Biederzycki v. Farrel Foundry & Machine Co.

Decision Date08 January 1926
Citation103 Conn. 701,131 A. 739
PartiesBIEDERZYCKI v. FARREL FOUNDRY & MACHINE CO. ET AL.
CourtConnecticut Supreme Court

Case Reserved from Superior Court, New Haven County; George E Hinman, Judge.

Proceeding under the Workmen's Compensation Act by Cazmeri Biederzycki for the death of Chester Biederzycki, her husband, opposed by the Farrel Foundry & Machine Company employer, and another. From a finding and award of the compensation commissioner, defendants appeal to the superior court in New Haven county, by which it was reserved for advice of Supreme Court of Errors. Dismissal of appeal advised.

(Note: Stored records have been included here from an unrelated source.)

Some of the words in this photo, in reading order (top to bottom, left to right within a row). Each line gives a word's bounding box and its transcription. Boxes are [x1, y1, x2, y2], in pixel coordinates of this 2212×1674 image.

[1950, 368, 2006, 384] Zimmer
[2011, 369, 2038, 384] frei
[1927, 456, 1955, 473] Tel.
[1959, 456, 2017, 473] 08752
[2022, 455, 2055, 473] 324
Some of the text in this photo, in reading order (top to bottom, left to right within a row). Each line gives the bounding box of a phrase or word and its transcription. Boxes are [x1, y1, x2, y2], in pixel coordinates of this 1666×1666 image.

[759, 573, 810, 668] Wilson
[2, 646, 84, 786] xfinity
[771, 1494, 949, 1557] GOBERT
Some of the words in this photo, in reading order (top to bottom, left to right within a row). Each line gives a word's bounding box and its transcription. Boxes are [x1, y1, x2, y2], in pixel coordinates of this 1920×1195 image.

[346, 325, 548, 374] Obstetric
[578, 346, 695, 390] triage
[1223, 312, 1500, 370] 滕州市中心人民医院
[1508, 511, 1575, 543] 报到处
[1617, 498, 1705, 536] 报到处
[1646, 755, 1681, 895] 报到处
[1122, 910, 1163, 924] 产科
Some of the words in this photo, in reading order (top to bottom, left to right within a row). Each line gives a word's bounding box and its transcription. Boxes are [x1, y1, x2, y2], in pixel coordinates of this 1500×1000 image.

Chester Biederzycki had a contract of employment with the defendant the Farrel Foundry & Machine Company for a considerable period of time, and sustained an injury arising out of and in the course of that employment, for which the defendant company was adjudged, on June 19, 1923, to pay him an award. The injury so suffered was from a diseased condition of his heart, due in part to pre-existing disease, and in part to aggravation of pre-existing disease. On August 12, 1924 Biederzycki died at Ansonia, and the injury described in the original award was causally connected with, and a contributing factor to, his death. The claimant is the lawful wife of the deceased, living with and regularly receiving support from him in his lifetime. The commissioner adjudged that defendant company pay to the claimant wife compensation at the rate of $13.025 per week for not to exceed 312 weeks from and after the 12th day of August, 1924, and further adjudged that the award was made subject to any proper modification in the event of the death or remarriage of the claimant within the 6-year period covering the award.

Robert J. Woodruff and Avery Tompkins, both of New Haven, for plaintiff.

George E. Beers and Albert M. Herrmann, both of New Haven, for defendants.

Argued before WHEELER, C.J., and CURTIS, KEELER, MALTBIE, and HAINES, JJ.

WHEELER, C.J. (after stating the facts as above).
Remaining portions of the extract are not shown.